Last Modified: Nov 07, 2022
Affected Product:
See more info
BIG-IP DNS
Known Affected Versions:
11.5.0, 11.5.1, 11.5.1 HF1, 11.5.1 HF10, 11.5.1 HF11, 11.5.1 HF2, 11.5.1 HF3, 11.5.1 HF4, 11.5.1 HF5, 11.5.1 HF6, 11.5.1 HF7, 11.5.1 HF8, 11.5.1 HF9, 11.5.10, 11.5.2, 11.5.2 HF1, 11.5.3, 11.5.3 HF1, 11.5.3 HF2, 11.5.4, 11.5.4 HF1, 11.5.4 HF2, 11.5.4 HF3, 11.5.4 HF4, 11.5.5, 11.5.6, 11.5.7, 11.6.0, 11.6.0 HF1, 11.6.0 HF2, 11.6.0 HF3, 11.6.0 HF4, 11.6.0 HF5, 11.6.0 HF6, 11.6.0 HF7, 11.6.0 HF8, 11.6.1, 11.6.1 HF1, 11.6.1 HF2, 11.6.2, 11.6.2 HF1, 11.6.3, 11.6.3.1, 11.6.3.2, 11.6.3.3, 12.0.0, 12.0.0 HF1, 12.0.0 HF2, 12.0.0 HF3, 12.0.0 HF4, 12.1.0, 12.1.0 HF1, 12.1.0 HF2, 12.1.1, 12.1.1 HF1, 12.1.1 HF2, 12.1.2, 12.1.2 HF1, 12.1.2 HF2, 12.1.3, 12.1.3.1, 12.1.3.2, 12.1.3.3, 12.1.3.4, 12.1.3.5, 12.1.3.6, 12.1.3.7
Fixed In:
12.1.4, 11.6.3.4, 11.5.8
Opened: Nov 19, 2018
Severity: 3-Major
DNS Express does not always include an EDNS OPT Record in responses to queries that contain an EDNS OPT Record.
DNS Express responses might not contain the RFC-required ENDS0 record.
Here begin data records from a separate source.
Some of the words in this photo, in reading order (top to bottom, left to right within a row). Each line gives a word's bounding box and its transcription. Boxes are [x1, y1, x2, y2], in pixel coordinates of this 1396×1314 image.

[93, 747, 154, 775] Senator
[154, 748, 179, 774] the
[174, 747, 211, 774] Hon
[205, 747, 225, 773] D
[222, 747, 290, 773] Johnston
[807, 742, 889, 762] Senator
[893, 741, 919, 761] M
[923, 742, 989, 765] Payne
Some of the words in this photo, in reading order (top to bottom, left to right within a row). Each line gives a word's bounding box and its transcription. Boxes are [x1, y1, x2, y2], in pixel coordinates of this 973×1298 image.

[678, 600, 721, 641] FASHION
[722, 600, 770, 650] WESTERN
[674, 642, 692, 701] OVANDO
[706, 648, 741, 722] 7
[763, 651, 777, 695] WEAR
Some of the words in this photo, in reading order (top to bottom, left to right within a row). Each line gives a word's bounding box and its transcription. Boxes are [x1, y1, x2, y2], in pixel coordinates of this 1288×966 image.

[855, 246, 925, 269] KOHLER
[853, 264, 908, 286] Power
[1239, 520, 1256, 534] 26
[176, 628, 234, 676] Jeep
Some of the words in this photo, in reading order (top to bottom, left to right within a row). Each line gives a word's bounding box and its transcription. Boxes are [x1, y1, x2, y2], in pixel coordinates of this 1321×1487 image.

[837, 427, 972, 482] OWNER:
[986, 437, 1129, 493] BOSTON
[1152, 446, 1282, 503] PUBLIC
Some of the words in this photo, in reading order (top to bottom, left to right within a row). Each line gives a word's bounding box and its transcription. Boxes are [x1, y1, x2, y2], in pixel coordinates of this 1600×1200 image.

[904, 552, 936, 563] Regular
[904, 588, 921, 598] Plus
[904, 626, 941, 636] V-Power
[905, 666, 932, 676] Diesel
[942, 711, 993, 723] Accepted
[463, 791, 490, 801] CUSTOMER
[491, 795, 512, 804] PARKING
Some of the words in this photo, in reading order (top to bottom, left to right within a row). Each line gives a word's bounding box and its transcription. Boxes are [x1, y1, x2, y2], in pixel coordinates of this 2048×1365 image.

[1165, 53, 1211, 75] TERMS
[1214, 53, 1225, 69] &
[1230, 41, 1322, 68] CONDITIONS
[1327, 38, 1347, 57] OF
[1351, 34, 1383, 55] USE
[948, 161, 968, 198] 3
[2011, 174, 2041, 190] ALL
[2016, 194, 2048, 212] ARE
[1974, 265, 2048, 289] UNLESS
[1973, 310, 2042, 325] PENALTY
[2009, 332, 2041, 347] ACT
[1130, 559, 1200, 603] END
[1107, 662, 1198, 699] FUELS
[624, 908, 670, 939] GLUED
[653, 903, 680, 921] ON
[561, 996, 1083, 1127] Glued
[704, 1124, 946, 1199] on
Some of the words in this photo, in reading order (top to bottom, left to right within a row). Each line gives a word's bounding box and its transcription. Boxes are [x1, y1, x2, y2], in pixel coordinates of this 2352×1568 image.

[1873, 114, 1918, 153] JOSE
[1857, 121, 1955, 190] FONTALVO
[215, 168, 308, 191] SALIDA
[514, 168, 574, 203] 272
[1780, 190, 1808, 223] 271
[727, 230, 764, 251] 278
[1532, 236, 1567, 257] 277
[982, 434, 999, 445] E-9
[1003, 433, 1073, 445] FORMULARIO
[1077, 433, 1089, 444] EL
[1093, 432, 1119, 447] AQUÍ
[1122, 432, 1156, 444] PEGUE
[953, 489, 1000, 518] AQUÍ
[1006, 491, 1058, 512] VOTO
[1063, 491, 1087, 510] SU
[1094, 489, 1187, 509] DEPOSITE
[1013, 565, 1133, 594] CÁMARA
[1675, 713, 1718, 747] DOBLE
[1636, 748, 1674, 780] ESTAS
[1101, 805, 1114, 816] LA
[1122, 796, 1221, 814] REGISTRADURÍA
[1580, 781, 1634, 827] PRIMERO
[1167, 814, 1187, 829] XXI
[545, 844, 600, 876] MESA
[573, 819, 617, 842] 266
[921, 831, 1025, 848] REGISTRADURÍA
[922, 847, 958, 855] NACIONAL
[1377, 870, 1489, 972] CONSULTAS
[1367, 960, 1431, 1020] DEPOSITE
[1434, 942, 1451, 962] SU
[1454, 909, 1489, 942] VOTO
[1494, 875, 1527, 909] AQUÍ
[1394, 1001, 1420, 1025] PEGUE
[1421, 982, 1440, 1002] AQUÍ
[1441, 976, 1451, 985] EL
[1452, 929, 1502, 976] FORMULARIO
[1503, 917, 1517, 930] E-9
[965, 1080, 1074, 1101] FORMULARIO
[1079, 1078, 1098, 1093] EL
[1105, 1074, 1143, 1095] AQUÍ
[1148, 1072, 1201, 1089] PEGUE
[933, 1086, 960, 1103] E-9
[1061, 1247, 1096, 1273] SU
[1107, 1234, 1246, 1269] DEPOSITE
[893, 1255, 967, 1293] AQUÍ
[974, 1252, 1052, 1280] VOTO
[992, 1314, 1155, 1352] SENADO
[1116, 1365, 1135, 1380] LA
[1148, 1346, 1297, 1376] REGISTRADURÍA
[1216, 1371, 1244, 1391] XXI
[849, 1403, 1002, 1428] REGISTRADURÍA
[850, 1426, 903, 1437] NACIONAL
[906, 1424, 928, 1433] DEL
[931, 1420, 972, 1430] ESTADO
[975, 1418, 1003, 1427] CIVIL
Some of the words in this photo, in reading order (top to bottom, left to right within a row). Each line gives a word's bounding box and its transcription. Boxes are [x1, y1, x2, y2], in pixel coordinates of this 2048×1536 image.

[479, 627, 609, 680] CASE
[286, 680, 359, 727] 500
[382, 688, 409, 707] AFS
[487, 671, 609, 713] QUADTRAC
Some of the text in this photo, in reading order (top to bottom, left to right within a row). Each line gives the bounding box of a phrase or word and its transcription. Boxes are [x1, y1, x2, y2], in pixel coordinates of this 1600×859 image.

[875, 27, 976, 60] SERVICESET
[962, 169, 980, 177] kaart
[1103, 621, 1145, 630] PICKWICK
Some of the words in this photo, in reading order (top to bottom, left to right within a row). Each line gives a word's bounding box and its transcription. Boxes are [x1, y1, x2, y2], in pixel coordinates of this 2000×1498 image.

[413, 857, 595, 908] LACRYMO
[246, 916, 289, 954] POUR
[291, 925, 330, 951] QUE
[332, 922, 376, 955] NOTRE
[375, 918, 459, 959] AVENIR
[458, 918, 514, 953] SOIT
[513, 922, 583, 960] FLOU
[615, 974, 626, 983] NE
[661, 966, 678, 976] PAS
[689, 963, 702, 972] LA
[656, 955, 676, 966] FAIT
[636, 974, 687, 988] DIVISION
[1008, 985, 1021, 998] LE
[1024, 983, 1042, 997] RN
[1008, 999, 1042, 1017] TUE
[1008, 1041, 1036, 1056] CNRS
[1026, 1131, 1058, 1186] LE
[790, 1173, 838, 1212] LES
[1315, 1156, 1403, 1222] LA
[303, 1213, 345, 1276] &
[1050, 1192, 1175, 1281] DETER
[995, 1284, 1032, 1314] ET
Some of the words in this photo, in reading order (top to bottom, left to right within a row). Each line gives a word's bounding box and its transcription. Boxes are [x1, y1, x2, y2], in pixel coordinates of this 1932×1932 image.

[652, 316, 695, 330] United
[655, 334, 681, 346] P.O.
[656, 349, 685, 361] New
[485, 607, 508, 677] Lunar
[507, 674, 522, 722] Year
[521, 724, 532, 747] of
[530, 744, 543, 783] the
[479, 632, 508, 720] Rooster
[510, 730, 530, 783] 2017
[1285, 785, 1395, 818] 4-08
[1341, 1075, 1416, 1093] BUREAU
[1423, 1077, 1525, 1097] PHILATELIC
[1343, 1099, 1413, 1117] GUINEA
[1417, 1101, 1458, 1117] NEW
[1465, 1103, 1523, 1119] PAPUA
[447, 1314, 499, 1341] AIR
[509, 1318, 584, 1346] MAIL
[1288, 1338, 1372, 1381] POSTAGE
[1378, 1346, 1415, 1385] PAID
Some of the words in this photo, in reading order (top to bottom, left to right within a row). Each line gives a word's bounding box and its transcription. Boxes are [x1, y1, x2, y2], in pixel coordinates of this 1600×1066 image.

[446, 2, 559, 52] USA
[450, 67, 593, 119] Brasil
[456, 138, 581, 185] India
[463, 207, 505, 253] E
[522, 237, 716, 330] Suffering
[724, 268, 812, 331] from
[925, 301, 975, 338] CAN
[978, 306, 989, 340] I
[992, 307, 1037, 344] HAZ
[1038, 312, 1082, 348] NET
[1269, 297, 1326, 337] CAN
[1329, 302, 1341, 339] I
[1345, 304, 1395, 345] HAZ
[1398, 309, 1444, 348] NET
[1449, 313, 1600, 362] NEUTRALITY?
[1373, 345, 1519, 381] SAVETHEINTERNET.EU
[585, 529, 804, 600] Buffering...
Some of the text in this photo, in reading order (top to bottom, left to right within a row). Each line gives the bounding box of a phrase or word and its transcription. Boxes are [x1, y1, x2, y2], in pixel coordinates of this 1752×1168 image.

Some compliance tools and upstream DNS servers may consider the BIG-IP non-compliant, and report it as such. This is occurring now because of the changes coming that remove certain workarounds on February 1st, 2019. This is known as DNS Flag Day. All network configurations on the internet will be affected by this change, but only some DNS servers will be negatively impacted. Fixes for this issue handle the conditions that were once handled by those workarounds.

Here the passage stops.